Sociologist Paige Sweet describes it as “crazy-making”: a pattern of behavior in which someone seeks to make you, or others, conclude that you are unstable or mistaken. Lying may be one tool used, but there’s an important difference: ordinary lying aims to convince you of a falsehood, whereas gaslighting aims to erode your capacity to trust yourself. Scholar Kate Abramson puts it similarly — gaslighting targets someone’s ability to rely on their own experiences, not simply to persuade them of a particular claim.
When gaslighting works, victims often internalize blame or begin to think they’re imagining things. That loss of confidence in one’s own memory, perception, or judgment is the central harm of the tactic.
The term comes from the 1930s play Gas Light and the more famous 1944 film Gaslight, in which a husband manipulates his wife — moving objects, denying events, and insisting she is forgetful — to convince her she’s losing her mind while he searches their home for hidden valuables. In the movie, the dimming of the household gas lights becomes an important clue: the wife notices the lights dim when her husband leaves, and she needs confirmation from an outsider (a police inspector) to reconnect her observations and reclaim her sense of reality. That cinematic rescue helps explain why having a name for the phenomenon can be freeing for real victims.
Scholars picked up the term in later decades — anthropologist Anthony Wallace used it in 1961 — and it gradually entered clinical language as a way to describe tactics used by abusers to gain and maintain control.
In real life, gaslighting is often subtler than the film’s clear-cut villainy.
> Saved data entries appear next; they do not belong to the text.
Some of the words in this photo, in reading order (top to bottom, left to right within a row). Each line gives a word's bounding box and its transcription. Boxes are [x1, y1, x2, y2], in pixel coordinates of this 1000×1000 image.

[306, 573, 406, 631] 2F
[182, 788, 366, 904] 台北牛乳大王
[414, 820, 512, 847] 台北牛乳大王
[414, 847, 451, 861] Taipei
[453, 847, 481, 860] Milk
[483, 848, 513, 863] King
It feeds on uncertainty and small, repeated contradictions: dismissals of your feelings, denials of what you remember, or reframing events so you question yourself. Perpetrators aren’t always driven by maliciousness alone; for some, these behaviors can be an attempt to protect themselves or gain power in a relationship.
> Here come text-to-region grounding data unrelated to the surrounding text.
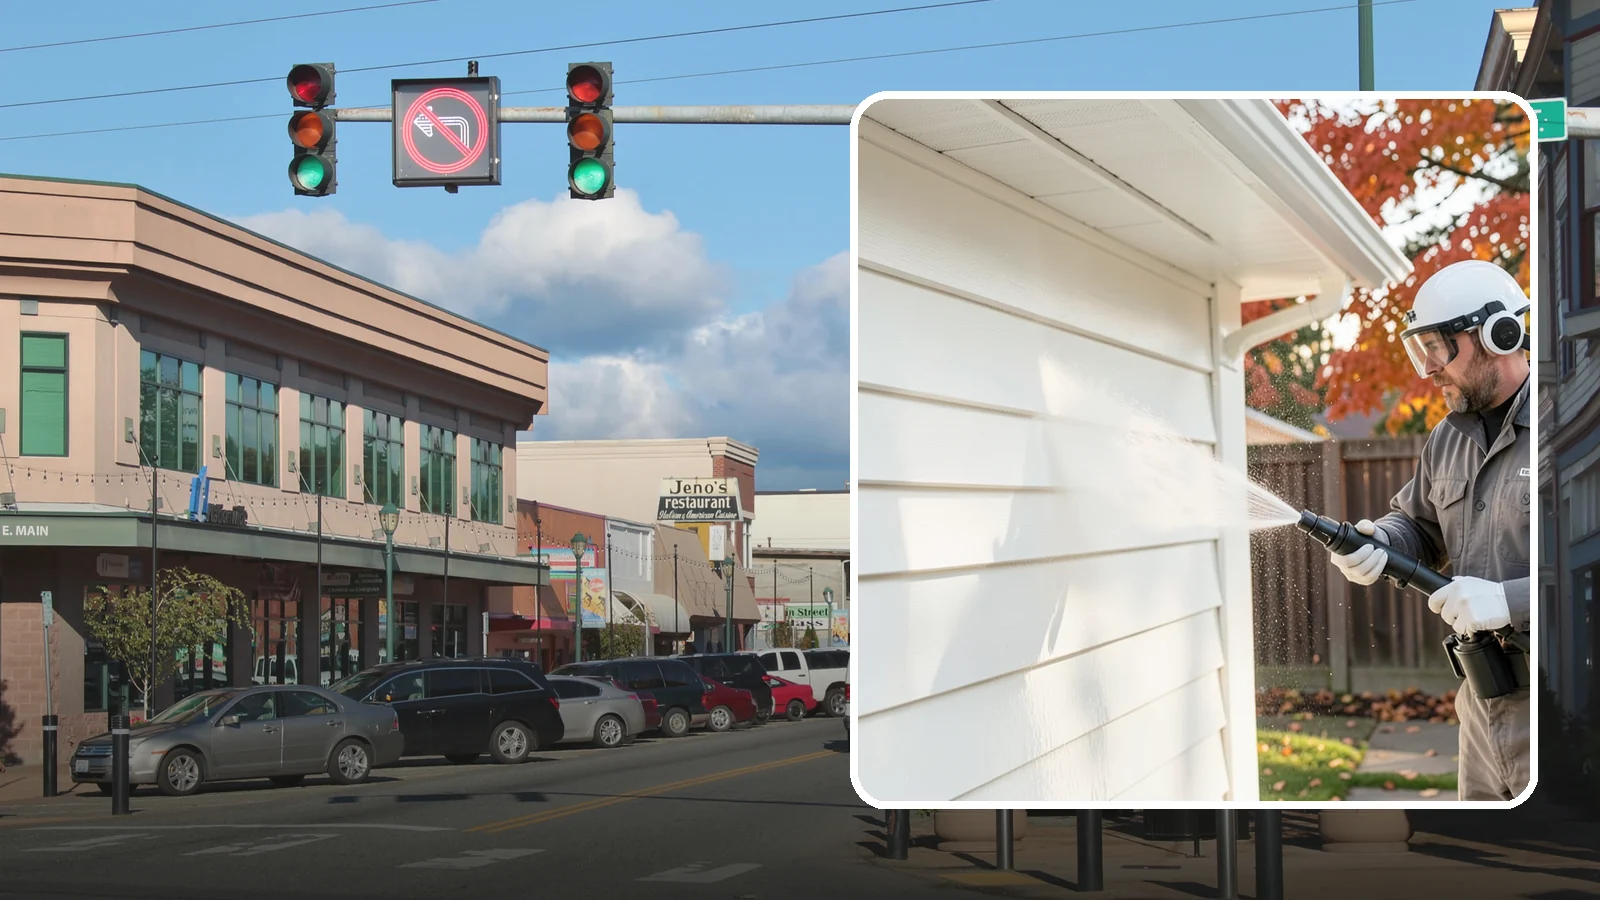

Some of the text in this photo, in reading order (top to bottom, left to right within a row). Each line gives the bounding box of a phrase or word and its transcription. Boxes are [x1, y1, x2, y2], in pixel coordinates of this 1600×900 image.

[670, 480, 727, 494] Jeno's
[665, 496, 731, 509] restaurant
[658, 510, 682, 519] Italian
[686, 510, 714, 519] American
[715, 509, 737, 519] Cuisine
[2, 525, 49, 536] E. MAIN
[797, 607, 828, 617] Street
[790, 619, 824, 627] lass
Research indicates that women report being victimized in these dynamics more often, in part because socialization encourages agreeableness and therapy-seeking — traits that can make people more likely to doubt themselves when challenged and more likely to seek help afterward.
Learning the term can be a turning point. Naming gaslighting gives people language to describe an experience that can feel indescribable and isolating, and that recognition is often the first step toward setting boundaries and seeking support. Recovery, however, is gradual. Because successful gaslighting damages a person’s ability to trust their own perceptions, rebuilding that trust takes time, validation, and sometimes outside help.
Experts urge precision in how we use “gaslighting.” Overapplying the label risks diluting its seriousness and may make it harder for genuine victims to be believed. Conversely, dismissing or minimizing the term can invalidate people who are experiencing a very real form of abuse. As Stern notes, when someone gradually conforms to another person’s version of reality and gives up pieces of themselves, the result can be deeply destructive. Using the word carefully preserves its power to identify real harm — and to point toward paths for reclaiming one’s reality.